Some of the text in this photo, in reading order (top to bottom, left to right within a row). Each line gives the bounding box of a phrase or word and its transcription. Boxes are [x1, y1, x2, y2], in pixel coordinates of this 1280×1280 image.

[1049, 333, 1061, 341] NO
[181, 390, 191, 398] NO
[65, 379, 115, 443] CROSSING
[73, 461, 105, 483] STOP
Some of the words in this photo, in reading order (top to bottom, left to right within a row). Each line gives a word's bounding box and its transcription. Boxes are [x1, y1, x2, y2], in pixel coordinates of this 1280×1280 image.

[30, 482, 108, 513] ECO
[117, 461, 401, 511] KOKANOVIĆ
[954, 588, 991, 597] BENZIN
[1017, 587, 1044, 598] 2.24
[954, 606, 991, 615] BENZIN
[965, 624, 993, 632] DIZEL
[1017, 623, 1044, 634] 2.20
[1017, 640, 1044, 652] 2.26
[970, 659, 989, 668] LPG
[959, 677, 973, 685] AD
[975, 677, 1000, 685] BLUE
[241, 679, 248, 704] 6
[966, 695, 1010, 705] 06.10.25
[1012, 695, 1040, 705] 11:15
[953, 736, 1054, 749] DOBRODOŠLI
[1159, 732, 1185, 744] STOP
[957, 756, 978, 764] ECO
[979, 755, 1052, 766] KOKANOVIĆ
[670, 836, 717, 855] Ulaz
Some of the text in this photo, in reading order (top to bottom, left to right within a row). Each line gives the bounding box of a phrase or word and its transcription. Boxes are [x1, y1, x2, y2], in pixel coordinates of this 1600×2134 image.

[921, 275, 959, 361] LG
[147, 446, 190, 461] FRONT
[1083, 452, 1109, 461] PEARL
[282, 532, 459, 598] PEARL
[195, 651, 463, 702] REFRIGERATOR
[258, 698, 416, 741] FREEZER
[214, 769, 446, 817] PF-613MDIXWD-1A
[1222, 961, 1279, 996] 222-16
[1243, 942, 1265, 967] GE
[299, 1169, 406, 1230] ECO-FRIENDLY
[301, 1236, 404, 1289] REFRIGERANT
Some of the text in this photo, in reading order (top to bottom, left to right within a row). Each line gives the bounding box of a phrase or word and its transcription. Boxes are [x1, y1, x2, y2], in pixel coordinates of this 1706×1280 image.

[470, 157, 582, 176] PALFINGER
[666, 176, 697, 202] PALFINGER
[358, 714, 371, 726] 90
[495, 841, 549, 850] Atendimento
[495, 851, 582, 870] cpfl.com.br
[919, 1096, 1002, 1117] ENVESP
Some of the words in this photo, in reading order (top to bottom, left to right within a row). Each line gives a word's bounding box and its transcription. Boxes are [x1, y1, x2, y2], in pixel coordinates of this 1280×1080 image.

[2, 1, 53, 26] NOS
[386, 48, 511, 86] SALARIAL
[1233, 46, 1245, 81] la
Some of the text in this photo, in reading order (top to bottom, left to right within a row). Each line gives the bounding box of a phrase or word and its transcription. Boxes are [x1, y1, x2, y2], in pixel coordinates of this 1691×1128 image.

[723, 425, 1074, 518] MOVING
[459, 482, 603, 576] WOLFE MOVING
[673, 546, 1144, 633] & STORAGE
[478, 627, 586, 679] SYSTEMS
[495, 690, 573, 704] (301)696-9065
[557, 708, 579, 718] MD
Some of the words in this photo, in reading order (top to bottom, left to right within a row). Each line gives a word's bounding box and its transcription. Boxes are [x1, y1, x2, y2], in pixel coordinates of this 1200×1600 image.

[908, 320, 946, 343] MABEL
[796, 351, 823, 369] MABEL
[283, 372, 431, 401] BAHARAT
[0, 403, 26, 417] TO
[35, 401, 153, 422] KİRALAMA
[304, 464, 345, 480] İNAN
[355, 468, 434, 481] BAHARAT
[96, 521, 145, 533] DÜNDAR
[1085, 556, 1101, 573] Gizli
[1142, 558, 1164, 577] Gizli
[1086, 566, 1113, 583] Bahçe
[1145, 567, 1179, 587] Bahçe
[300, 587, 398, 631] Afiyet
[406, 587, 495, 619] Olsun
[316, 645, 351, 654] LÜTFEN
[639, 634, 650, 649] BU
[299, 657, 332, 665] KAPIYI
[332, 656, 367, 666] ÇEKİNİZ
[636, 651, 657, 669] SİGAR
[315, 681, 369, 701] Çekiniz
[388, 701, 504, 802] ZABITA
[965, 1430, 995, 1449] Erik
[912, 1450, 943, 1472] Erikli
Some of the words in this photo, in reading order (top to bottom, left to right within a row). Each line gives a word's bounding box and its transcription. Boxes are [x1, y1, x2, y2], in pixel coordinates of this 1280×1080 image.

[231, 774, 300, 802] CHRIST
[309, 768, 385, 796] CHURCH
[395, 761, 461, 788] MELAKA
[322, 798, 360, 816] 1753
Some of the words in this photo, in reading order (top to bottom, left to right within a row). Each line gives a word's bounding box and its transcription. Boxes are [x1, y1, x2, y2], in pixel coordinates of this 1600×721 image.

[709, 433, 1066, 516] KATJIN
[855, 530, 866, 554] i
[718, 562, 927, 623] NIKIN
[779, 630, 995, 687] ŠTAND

┄┄┄┄┄┄

**Task requirements:**
This exercise calls for every record to be restated word for word.

**Reply to the task:**
Some of the text in this photo, in reading order (top to bottom, left to right within a row). Each line gives the bounding box of a phrase or word and its transcription. Boxes are [x1, y1, x2, y2], in pixel coordinates of this 1280×1280 image.

[1049, 333, 1061, 341] NO
[181, 390, 191, 398] NO
[65, 379, 115, 443] CROSSING
[73, 461, 105, 483] STOP
Some of the words in this photo, in reading order (top to bottom, left to right within a row). Each line gives a word's bounding box and its transcription. Boxes are [x1, y1, x2, y2], in pixel coordinates of this 1280×1280 image.

[30, 482, 108, 513] ECO
[117, 461, 401, 511] KOKANOVIĆ
[954, 588, 991, 597] BENZIN
[1017, 587, 1044, 598] 2.24
[954, 606, 991, 615] BENZIN
[965, 624, 993, 632] DIZEL
[1017, 623, 1044, 634] 2.20
[1017, 640, 1044, 652] 2.26
[970, 659, 989, 668] LPG
[959, 677, 973, 685] AD
[975, 677, 1000, 685] BLUE
[241, 679, 248, 704] 6
[966, 695, 1010, 705] 06.10.25
[1012, 695, 1040, 705] 11:15
[953, 736, 1054, 749] DOBRODOŠLI
[1159, 732, 1185, 744] STOP
[957, 756, 978, 764] ECO
[979, 755, 1052, 766] KOKANOVIĆ
[670, 836, 717, 855] Ulaz
Some of the text in this photo, in reading order (top to bottom, left to right within a row). Each line gives the bounding box of a phrase or word and its transcription. Boxes are [x1, y1, x2, y2], in pixel coordinates of this 1600×2134 image.

[921, 275, 959, 361] LG
[147, 446, 190, 461] FRONT
[1083, 452, 1109, 461] PEARL
[282, 532, 459, 598] PEARL
[195, 651, 463, 702] REFRIGERATOR
[258, 698, 416, 741] FREEZER
[214, 769, 446, 817] PF-613MDIXWD-1A
[1222, 961, 1279, 996] 222-16
[1243, 942, 1265, 967] GE
[299, 1169, 406, 1230] ECO-FRIENDLY
[301, 1236, 404, 1289] REFRIGERANT
Some of the text in this photo, in reading order (top to bottom, left to right within a row). Each line gives the bounding box of a phrase or word and its transcription. Boxes are [x1, y1, x2, y2], in pixel coordinates of this 1706×1280 image.

[470, 157, 582, 176] PALFINGER
[666, 176, 697, 202] PALFINGER
[358, 714, 371, 726] 90
[495, 841, 549, 850] Atendimento
[495, 851, 582, 870] cpfl.com.br
[919, 1096, 1002, 1117] ENVESP
Some of the words in this photo, in reading order (top to bottom, left to right within a row). Each line gives a word's bounding box and its transcription. Boxes are [x1, y1, x2, y2], in pixel coordinates of this 1280×1080 image.

[2, 1, 53, 26] NOS
[386, 48, 511, 86] SALARIAL
[1233, 46, 1245, 81] la
Some of the text in this photo, in reading order (top to bottom, left to right within a row). Each line gives the bounding box of a phrase or word and its transcription. Boxes are [x1, y1, x2, y2], in pixel coordinates of this 1691×1128 image.

[723, 425, 1074, 518] MOVING
[459, 482, 603, 576] WOLFE MOVING
[673, 546, 1144, 633] & STORAGE
[478, 627, 586, 679] SYSTEMS
[495, 690, 573, 704] (301)696-9065
[557, 708, 579, 718] MD
Some of the words in this photo, in reading order (top to bottom, left to right within a row). Each line gives a word's bounding box and its transcription. Boxes are [x1, y1, x2, y2], in pixel coordinates of this 1200×1600 image.

[908, 320, 946, 343] MABEL
[796, 351, 823, 369] MABEL
[283, 372, 431, 401] BAHARAT
[0, 403, 26, 417] TO
[35, 401, 153, 422] KİRALAMA
[304, 464, 345, 480] İNAN
[355, 468, 434, 481] BAHARAT
[96, 521, 145, 533] DÜNDAR
[1085, 556, 1101, 573] Gizli
[1142, 558, 1164, 577] Gizli
[1086, 566, 1113, 583] Bahçe
[1145, 567, 1179, 587] Bahçe
[300, 587, 398, 631] Afiyet
[406, 587, 495, 619] Olsun
[316, 645, 351, 654] LÜTFEN
[639, 634, 650, 649] BU
[299, 657, 332, 665] KAPIYI
[332, 656, 367, 666] ÇEKİNİZ
[636, 651, 657, 669] SİGAR
[315, 681, 369, 701] Çekiniz
[388, 701, 504, 802] ZABITA
[965, 1430, 995, 1449] Erik
[912, 1450, 943, 1472] Erikli
Some of the words in this photo, in reading order (top to bottom, left to right within a row). Each line gives a word's bounding box and its transcription. Boxes are [x1, y1, x2, y2], in pixel coordinates of this 1280×1080 image.

[231, 774, 300, 802] CHRIST
[309, 768, 385, 796] CHURCH
[395, 761, 461, 788] MELAKA
[322, 798, 360, 816] 1753
Some of the words in this photo, in reading order (top to bottom, left to right within a row). Each line gives a word's bounding box and its transcription. Boxes are [x1, y1, x2, y2], in pixel coordinates of this 1600×721 image.

[709, 433, 1066, 516] KATJIN
[855, 530, 866, 554] i
[718, 562, 927, 623] NIKIN
[779, 630, 995, 687] ŠTAND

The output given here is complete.